Re: [livecode] Hello (& chaos)

From: Dave Griffiths <dave_at_pawfal.org>
Date: Fri, 10 Sep 2004 15:11:46 +0100

> >no write/interpret cycle at all.
>
> Cool.
>
> There's plenty of VMs around, varying from simulators for everything
> from the Apollo guidance computer (!) through PDP-8s to Z80s and PPC
> chips, to modrn runtimes like Parrot and the CLR. I hear Spectrum
> emulators are a favourite for washing machines, but I digress. :-)

Yeah, thats the sort of thing I had in mind. Most speccy emulators I've seen
are just huge switch statements with 256 cases, it would be cool to start with
something like that - or even more esoteric like a guidence system!
 
> A VM designed for live music hacking could have midi or sound ops,
> score operations, etc. as part of the instruction set. The registers,
> cache and memory could all be structures to support this. You could
> indeed hack that live at the machine code level, or have a higher-
> level language that interprets or compiles to it.

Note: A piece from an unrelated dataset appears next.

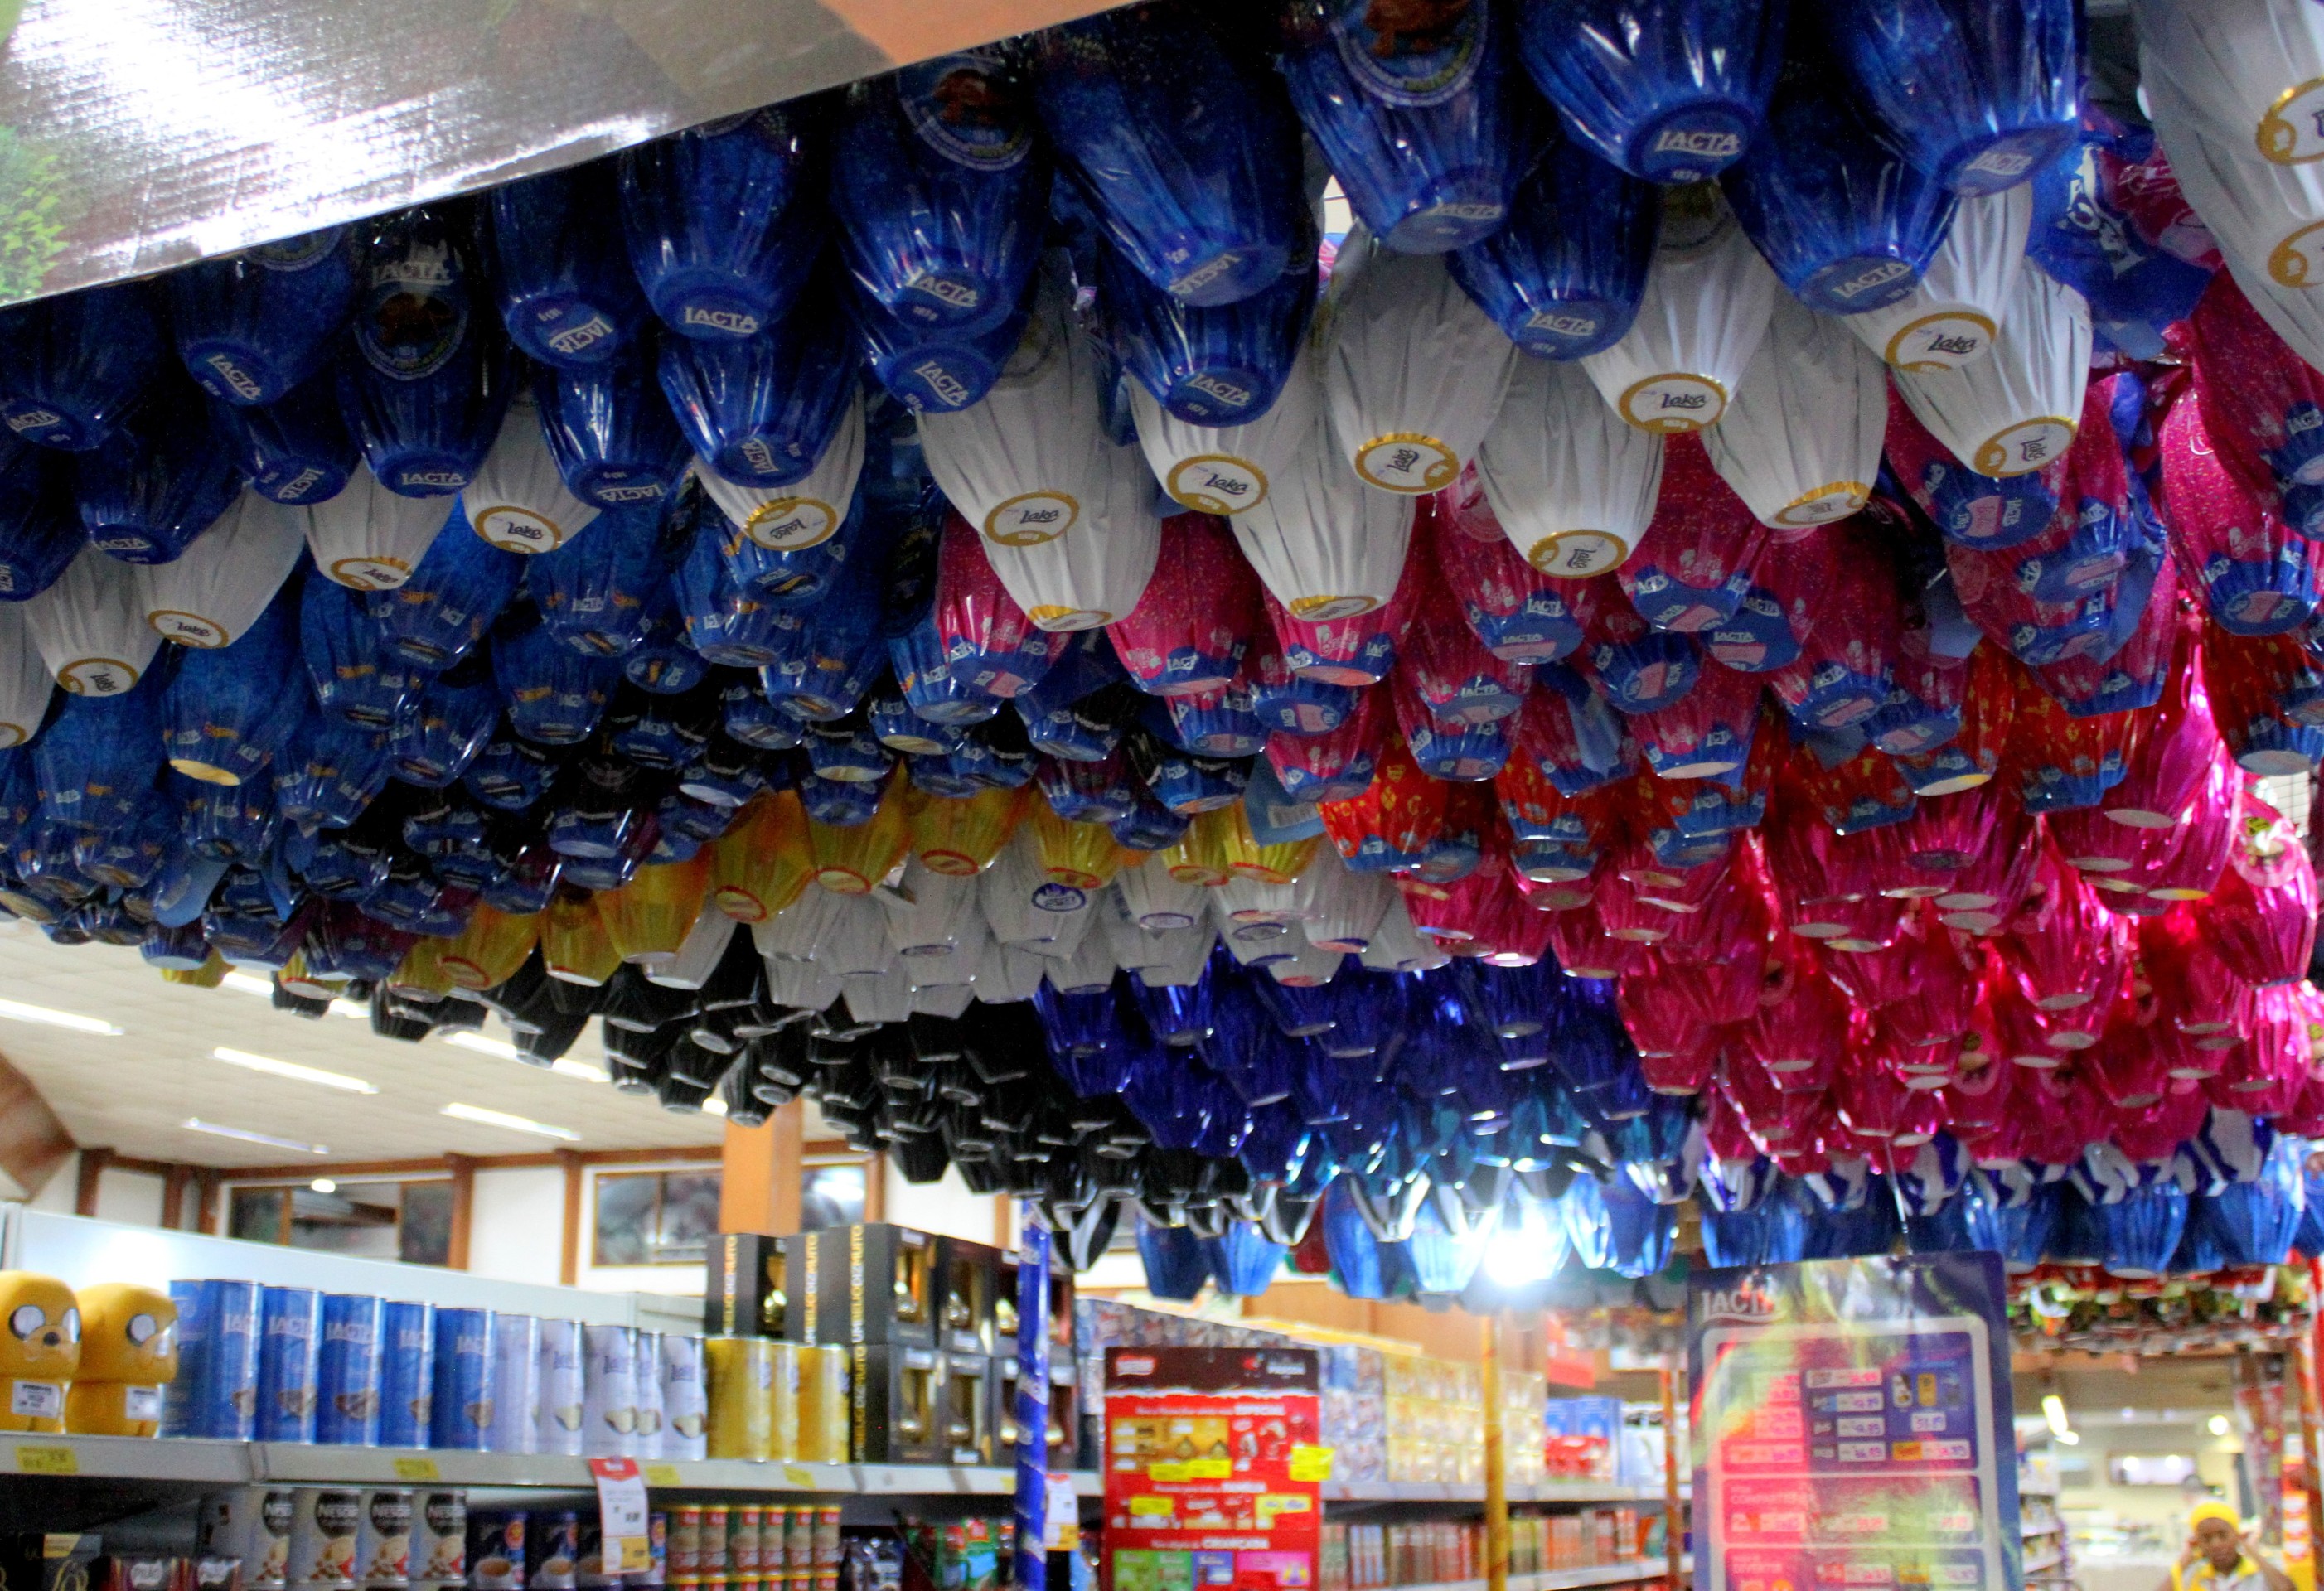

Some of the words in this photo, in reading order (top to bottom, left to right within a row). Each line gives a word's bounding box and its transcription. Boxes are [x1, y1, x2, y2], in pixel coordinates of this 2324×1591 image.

no high level languages - I'm actually thinking of a visual version of asm (so
each instruction has an icon that you can stack up) or something... so your
microcode statements form visuals which create the music.
I haven't thought it through properly yet as you can probably tell.

> Prolog, Lisp, Java, Perl, Interactive Fiction and various other
> games all have their own VMs or even hardware machine
> implementations. Having a VM encapsulates the conceptual model of
> the language or the task, adding expressive power or aiding
> optimisation. This is a very important and popular technique.
>
> >For the ultra livecoding geek - it may be possible to get your head round a
> >real system without a virtual machine in simpler 8bit computers, or
> >microprocessors that allow code to be modified.
>
> Use a keyboard to generate bytecodes, playing the instructions live.
> A postmodern version of the old flip-switches and blinking lights
> seen on old computers (especially in films). :-)

This sort of thing starts to approach circuit bending in it's ethics, which I
consider a good thing - software bending?